/ 10 January 2004

Julian Borger meets Ralph Nader

A leftwing bookshop cafe is the perfect place in George Bush’s Washington for a conversation about the possibility of a progressive run for the US presidency: it is quiet and virtually deserted.

In a city of steaks and sushi, it also serves Ralph Nader’s sort of food — simple vegetable soups with brown bread, although to his disappointment the lentil is off the menu on this occasion. Nader makes do with split-pea and settles down to explain why American progressives should not make do with the Democrats at this year’s elections.

Corporate America’s nemesis, and the country’s most celebrated and tenacious agitator, Nader will decide at the end of the month, a few weeks before his 70th birthday, whether to run for the presidency once more. But he makes it clear that only wild horses would stop him. Wild horses or their opposite — indifference — which is the more immediate threat.

Nader lost a lot of friends on the left when he stood as a Green party candidate in 2000, winning about 3% of the national vote. Many Democrats and progressives still blame him for putting George Bush in the White House by drawing votes from Al Gore in the knife-edge election.

This time even the Greens have been ambivalent about him. Some wanted another candidate, and some wanted him to restrict his run to ”safe” states, where he could not affect the outcome in the electoral college that ultimately elects the president.

Independent

It is not in Nader’s nature to submit to such constraints, however. ”I don’t believe in being held hostage to the electoral college,” he says. In any case, the Greens are not going to decide whether to field a presidential candidate until the summer, and that, in Nader’s view, is far too late.

If he runs he will do so as an independent, on a radical programme of sealing off government from corporate influence and stripping the military budget to pay for better social services.

He has launched an exploratory committee to look into the feasibility of finding money and backers.
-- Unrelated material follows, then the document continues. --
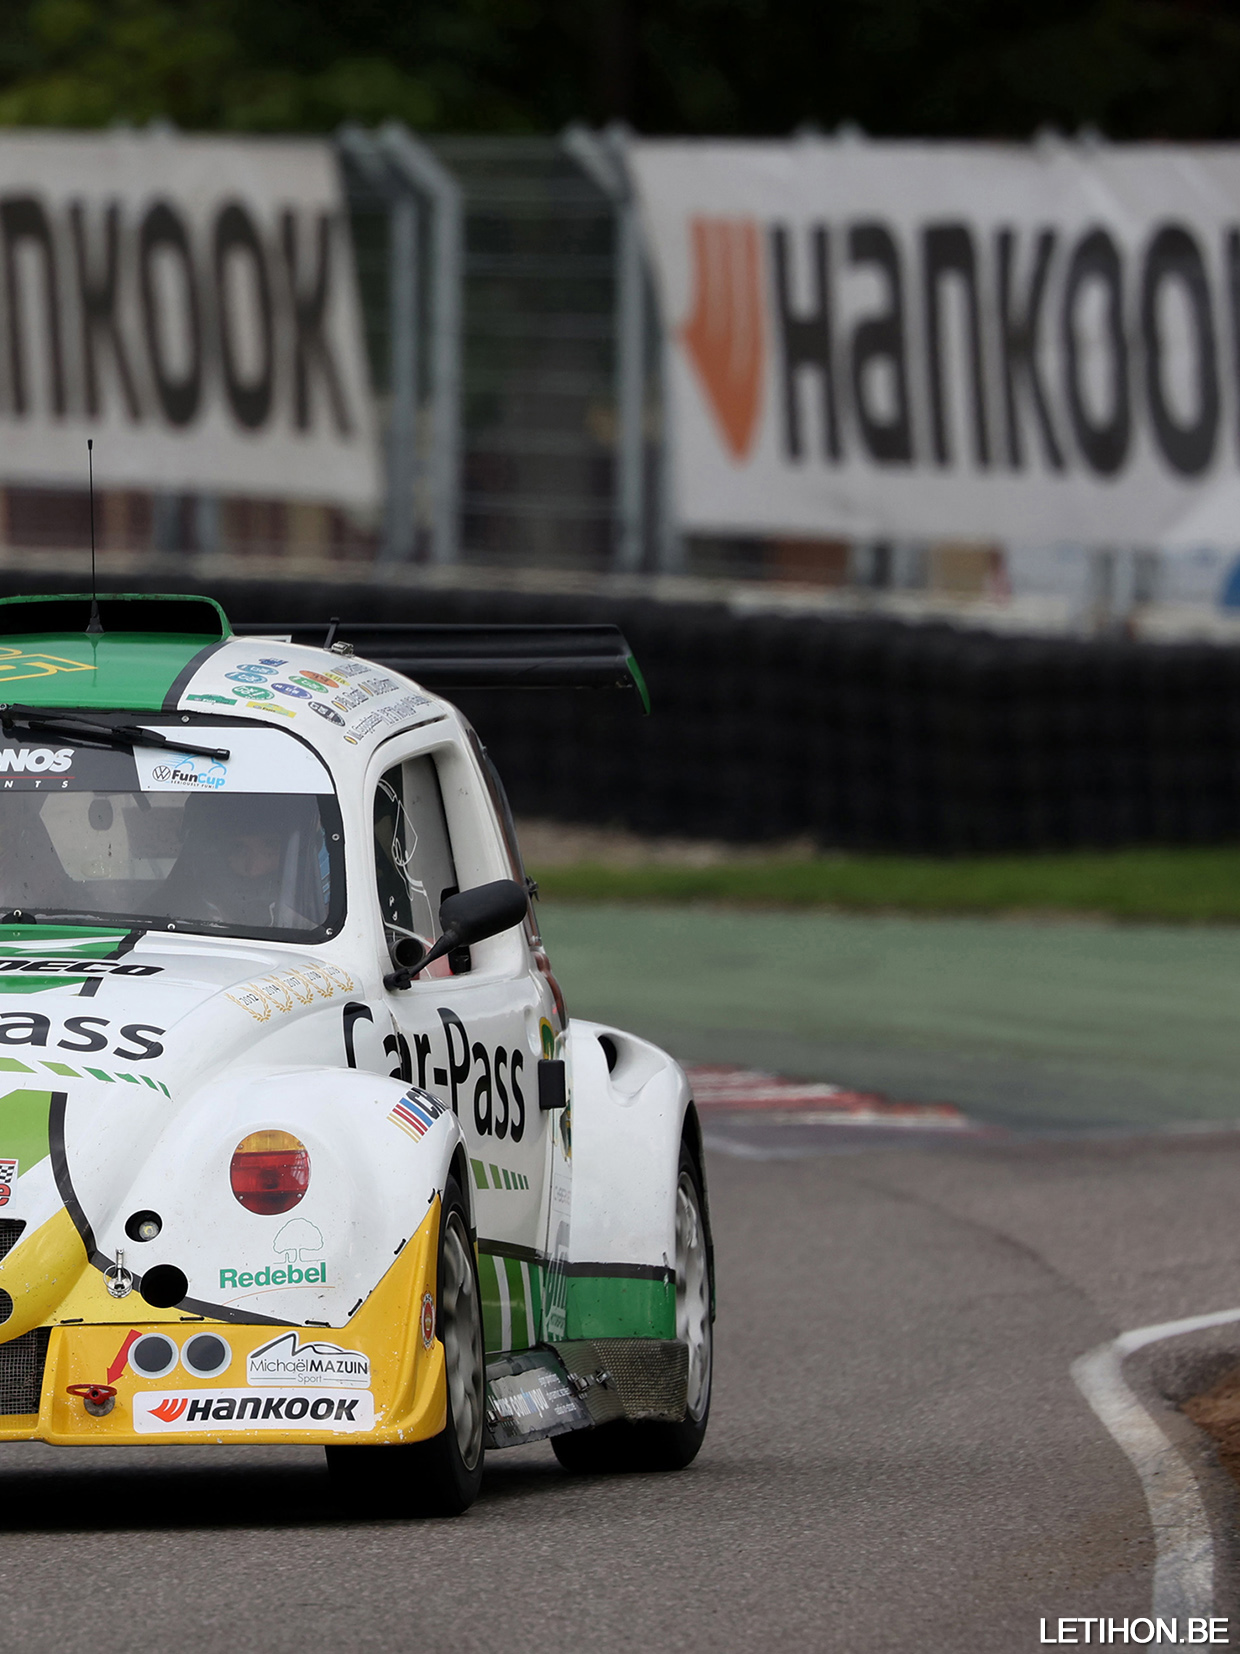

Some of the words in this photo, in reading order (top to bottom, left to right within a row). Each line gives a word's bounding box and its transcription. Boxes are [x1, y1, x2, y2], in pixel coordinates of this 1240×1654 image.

[172, 770, 226, 789] FunCup
[343, 1001, 526, 1143] Car-Pass
[219, 1262, 327, 1289] Redebel
[297, 1373, 322, 1385] Sport
Both are in much shorter supply this time round, he admits. The wealthy progressives who signed cheques for his campaign last time are not answering his call, and he has had to go fishing for support in unknown waters.

”It takes a while to tap into the ones who don’t want to support you and then you’ve got to find a new layer of activism,” he says.
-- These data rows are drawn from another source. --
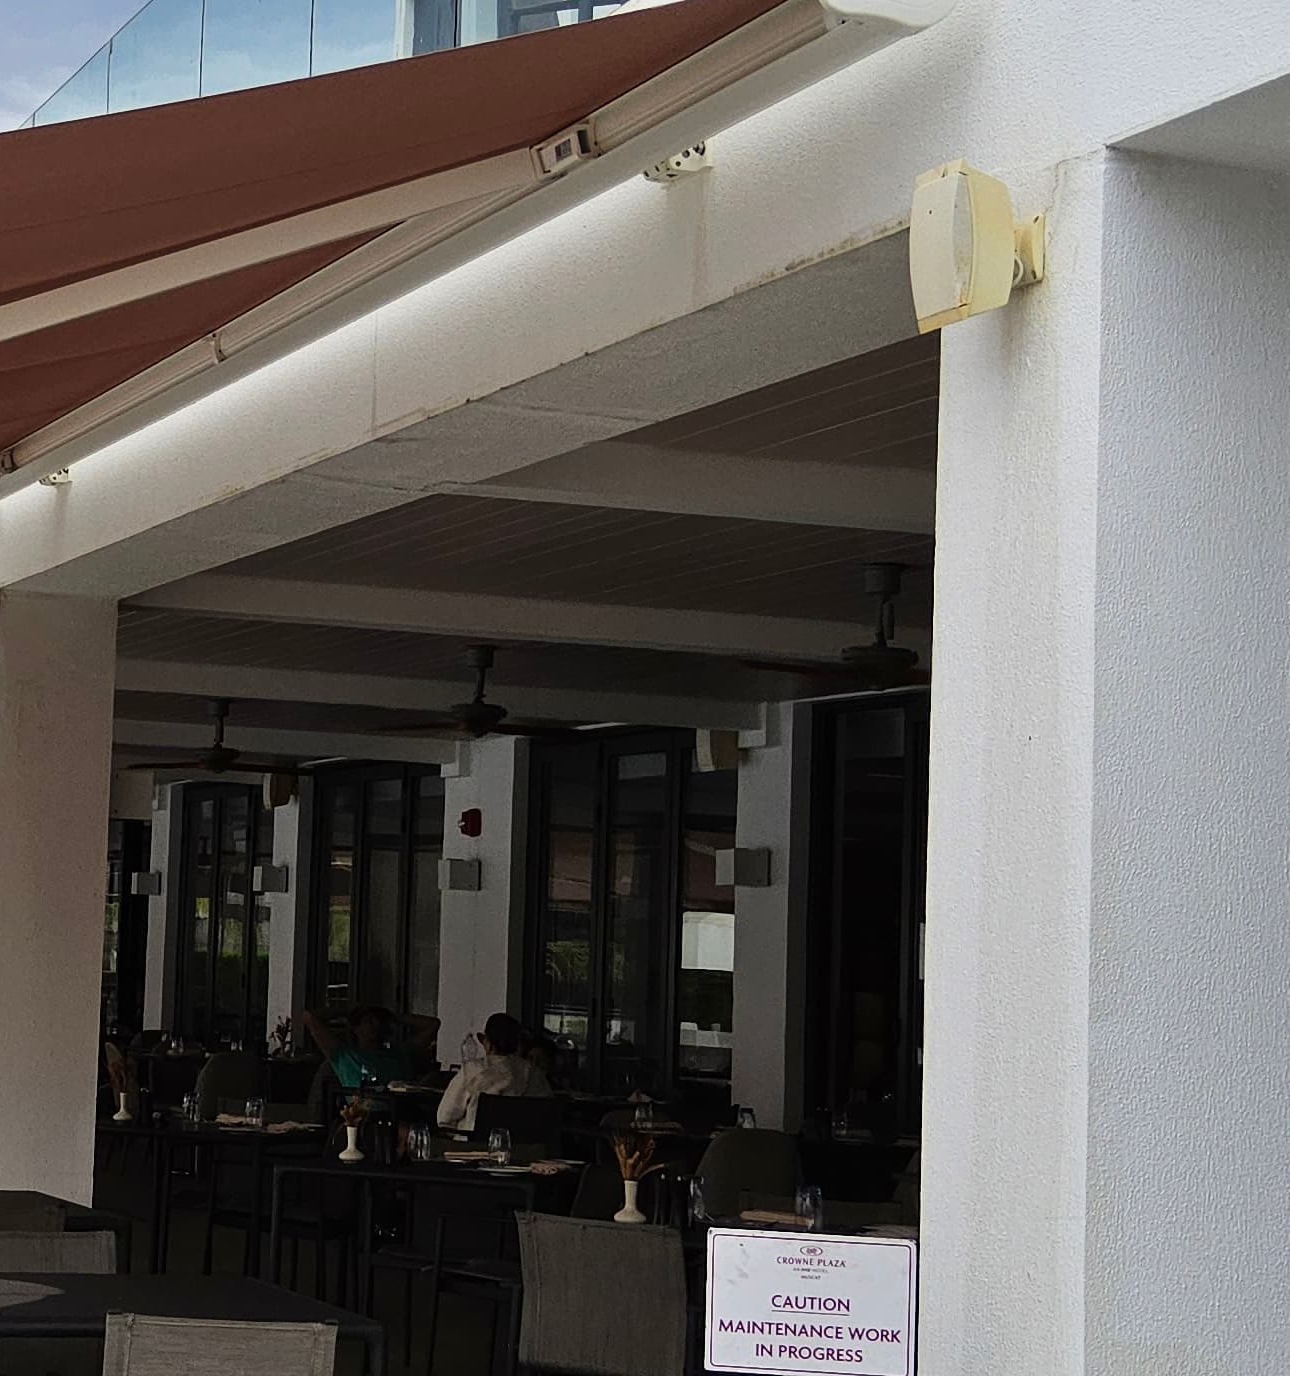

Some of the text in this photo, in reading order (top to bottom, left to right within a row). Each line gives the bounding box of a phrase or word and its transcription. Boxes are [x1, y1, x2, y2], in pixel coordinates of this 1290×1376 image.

[776, 1256, 846, 1268] CROWNE PLAZA
[771, 1294, 850, 1312] CAUTION
[718, 1318, 901, 1343] MAINTENANCE WORK
[755, 1343, 863, 1363] IN PROGRESS
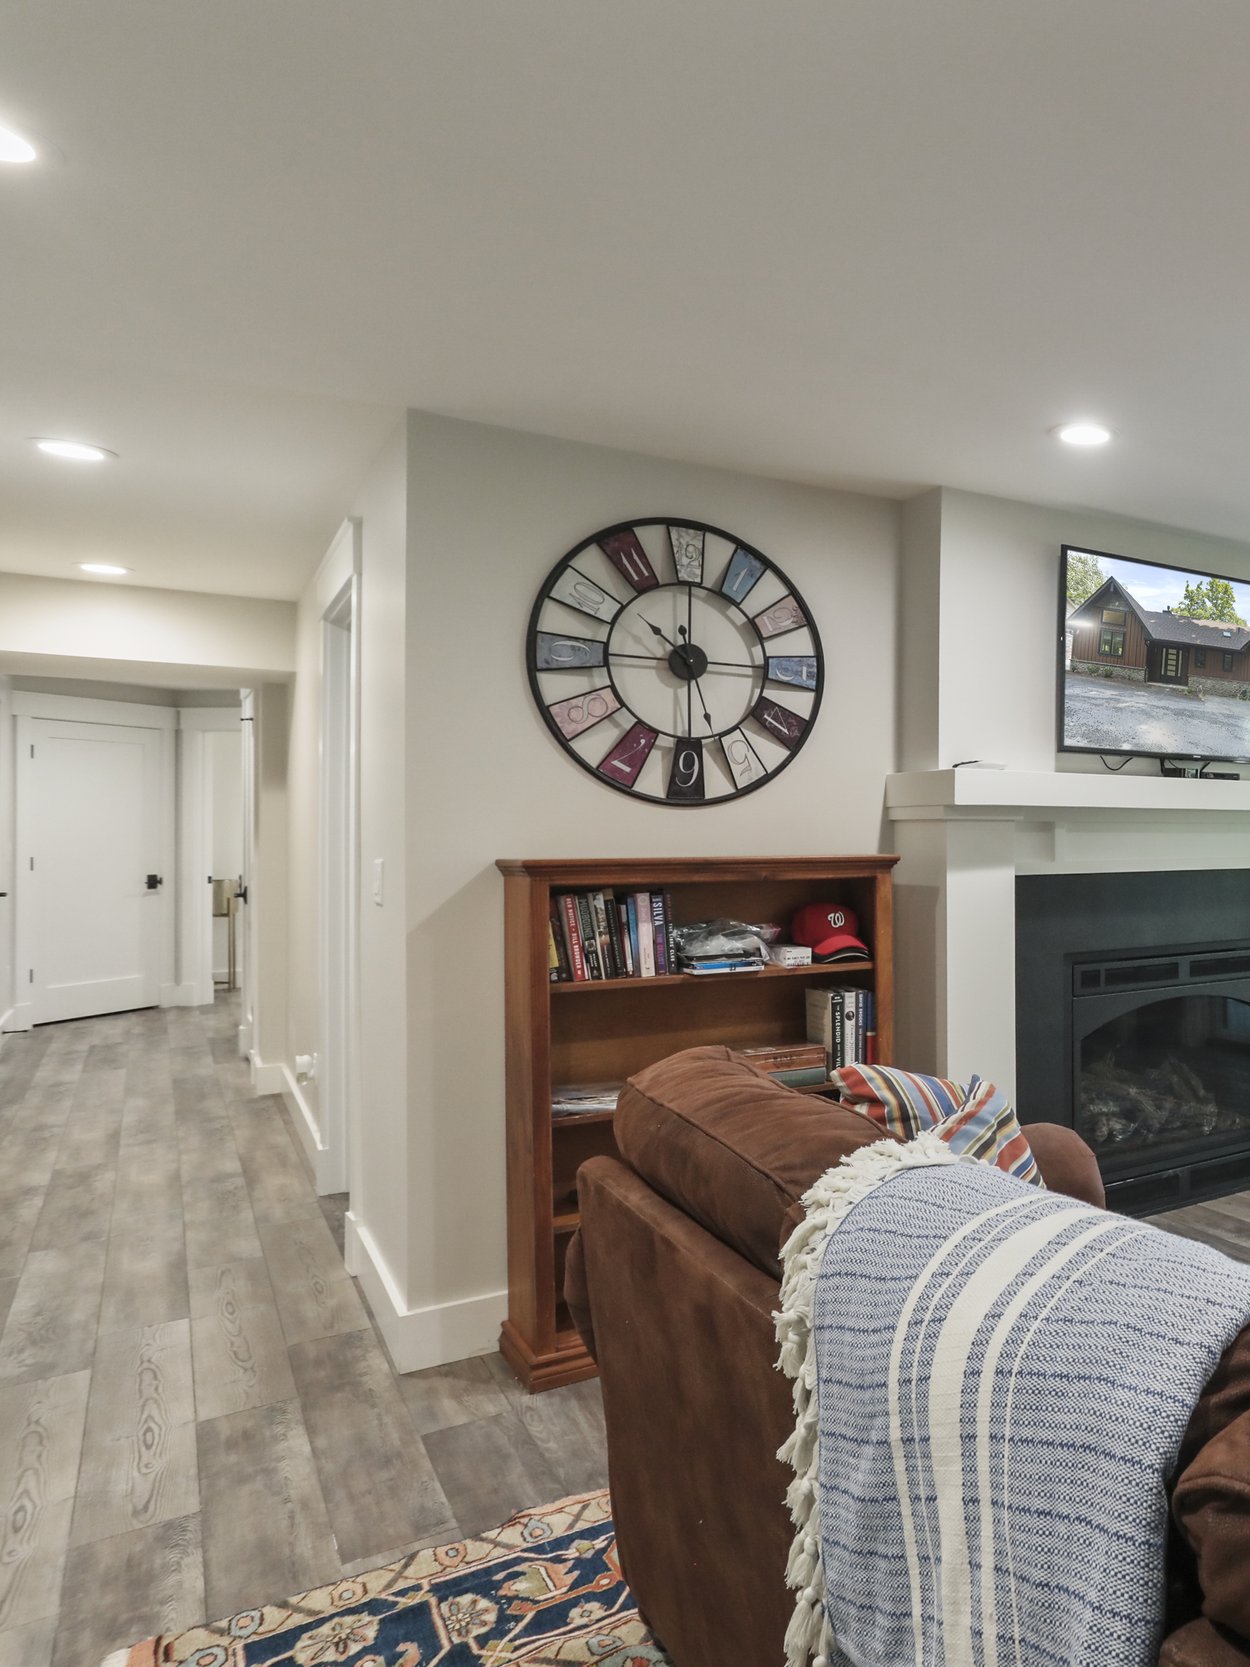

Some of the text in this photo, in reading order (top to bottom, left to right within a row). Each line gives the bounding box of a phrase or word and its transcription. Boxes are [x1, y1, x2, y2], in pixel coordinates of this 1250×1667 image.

[620, 548, 649, 582] 11
[676, 543, 702, 570] 12
[732, 567, 748, 592] 1
[568, 582, 606, 614] 10
[568, 694, 608, 724] 8
[763, 706, 789, 734] 4
[611, 738, 646, 773] 7
[727, 740, 753, 777] 5
[652, 902, 664, 926] SILVA
[828, 911, 844, 928] W
Dressed in an overcoat and jumper, he is as reassuringly rumpled as ever, compared with the self-conscious slickness of the other candidates, but he appears more hunched and a couple of degrees less sharp than he did in 2000. His sentences meander more and he says Republican when he means Democrat and vice-versa — a freudian slip, perhaps, as he portrays them both as subsidiaries of a single corporate-run party.

Not only would Nader be campaigning without a party banner or organisation this year, he also has to contemplate the candidacy of Howard Dean, the current frontrunner in the Democratic primaries, who has excited young voters, used the internet to powerful effect and tapped into a deep well of leftwing anger at the state of the country — all trademarks of the 2000 Nader campaign.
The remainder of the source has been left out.